# rfkill won't soft unblock

## r16

I'm a long-time gentoo user, but this is my first gentoo forums post!

I'm attempting to get my Intel Centrino Advanced N 6230 to work.  I've compiled iwlwifi as a module and downloaded the appropriate firmware (iwlwifi-6000g2b-6.ucode) but whenever I attempt to bring up the interface, wlan0, I get 

```

# ifconfig wlan0 up

SIOCSIFFLAGS: Operation not possible due to RF-kill

```

Running an rfkill I find :

```

# rfkill list

0: phy0: Wireless LAN

        Soft blocked: yes

        Hard blocked: no

```

Finally running a

```

#rfkill unblock all

#rfkill list

0: phy0: Wireless LAN

        Soft blocked: yes

        Hard blocked: no

```

doesn't unblock it.  Every time I run an rfkill unblock all my logger says

```

#tail /var/log/messages

Apr  3 10:17:23 enterprise kernel: iwlwifi 0000:08:00.0: L1 Enabled; Disabling L0S

Apr  3 10:17:23 enterprise kernel: iwlwifi 0000:08:00.0: Radio type=0x1-0x2-0x0

Apr  3 10:17:24 enterprise kernel: IPv6: ADDRCONF(NETDEV_UP): wlan0: link is not ready

Apr  3 10:17:24 enterprise connmand[2360]: wlan0 {update} flags 4099 <UP>

Apr  3 10:17:24 enterprise connmand[2360]: wlan0 {newlink} index 4 address 88:53:2E:37:B3:10 mtu 1500

Apr  3 10:17:24 enterprise connmand[2360]: wlan0 {newlink} index 4 operstate 2 <DOWN>

Apr  3 10:17:24 enterprise connmand[2360]: wlan0 {update} flags 4098 <DOWN>

Apr  3 10:17:24 enterprise connmand[2360]: wlan0 {newlink} index 4 address 88:53:2E:37:B3:10 mtu 1500

Apr  3 10:17:24 enterprise connmand[2360]: wlan0 {newlink} index 4 operstate 2 <DOWN>

```

with dmesg

```

#dmesg | tail

[ 1419.393616] iwlwifi 0000:08:00.0: L1 Enabled; Disabling L0S

[ 1419.400400] iwlwifi 0000:08:00.0: Radio type=0x1-0x2-0x0

[ 1419.635395] IPv6: ADDRCONF(NETDEV_UP): wlan0: link is not ready

```

Any suggestions on what might be causing this?

----------

## DONAHUE

you have bluetooth??

http://askubuntu.com/questions/69234/centrino-advanced-n-6230-and-bluetooth-wireless-problems-with-dell-xps-15z

http://ubuntuforums.org/archive/index.php/t-1963952.html

----------

## r16

sooo, I managed to fix the problem.  Unlike what I was expecting, this was NOT a hardware or driver issue, but was a software issue - it was a softblock go figure right??

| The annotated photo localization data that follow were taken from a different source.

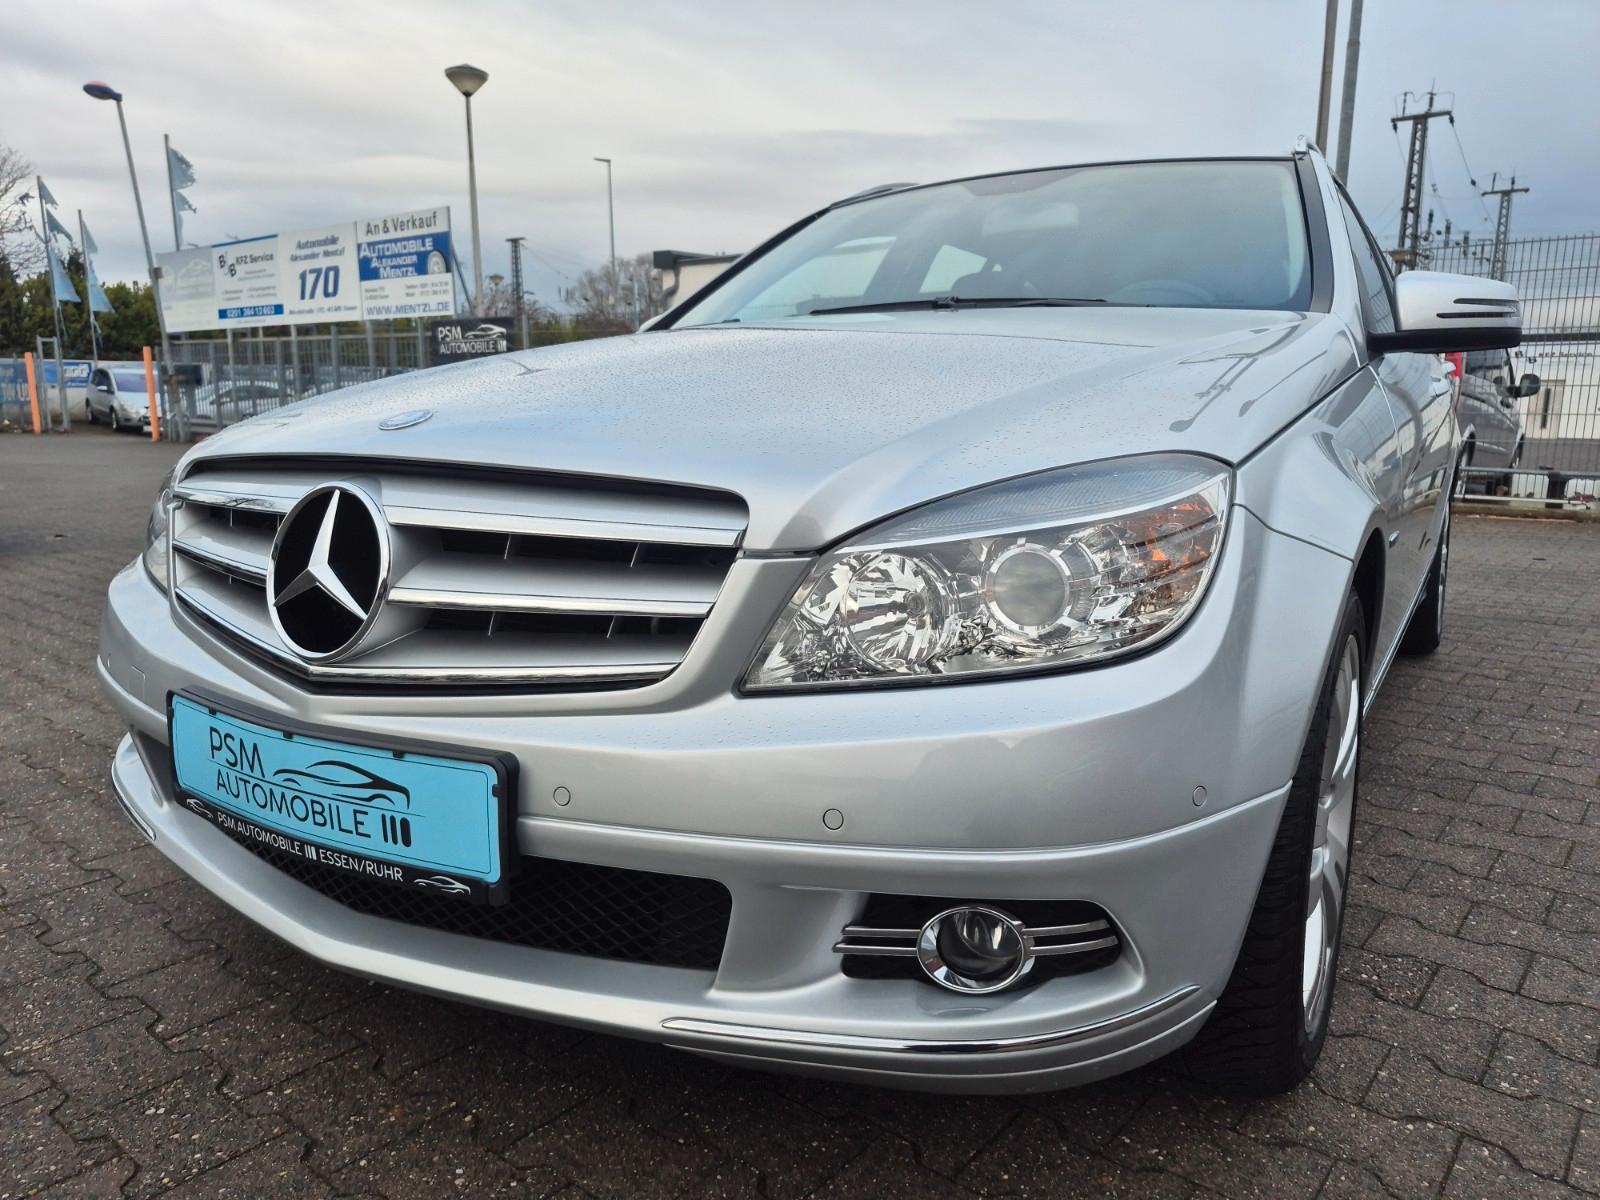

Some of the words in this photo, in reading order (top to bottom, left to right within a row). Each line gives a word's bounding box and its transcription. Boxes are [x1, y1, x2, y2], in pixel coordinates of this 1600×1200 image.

[366, 222, 380, 236] An
[383, 219, 390, 234] &
[392, 211, 437, 233] Verkauf
[249, 253, 274, 264] Service
[360, 238, 433, 259] AUTOMOBILE
[299, 265, 340, 301] 170
[366, 302, 450, 315] WWW.MENTZL.DE
[438, 326, 462, 341] PSM
[440, 341, 496, 354] AUTOMOBILE
[210, 726, 265, 778] PSM
[217, 768, 371, 838] AUTOMOBILE
[217, 812, 236, 831] PSM
[238, 822, 302, 855] AUTOMOBILE
[319, 848, 404, 882] ESSEN/RUHR

It seems that connmand was re-soft-blocking wlan0 every time I manually unblocked it with rfkill.  Given this, I killed connmand, unblocked wlan0 with rfkill, and then rebuilt connmand with -wifi -bluetooth -ethernet use flags.

I have no idea what this program does, and apparently audacious and corky require it, but it seems to be the cause of the issue.

Now my wpa_supplicant config that I got to work once is not working, but this is progress !  :Exclamation: 

----------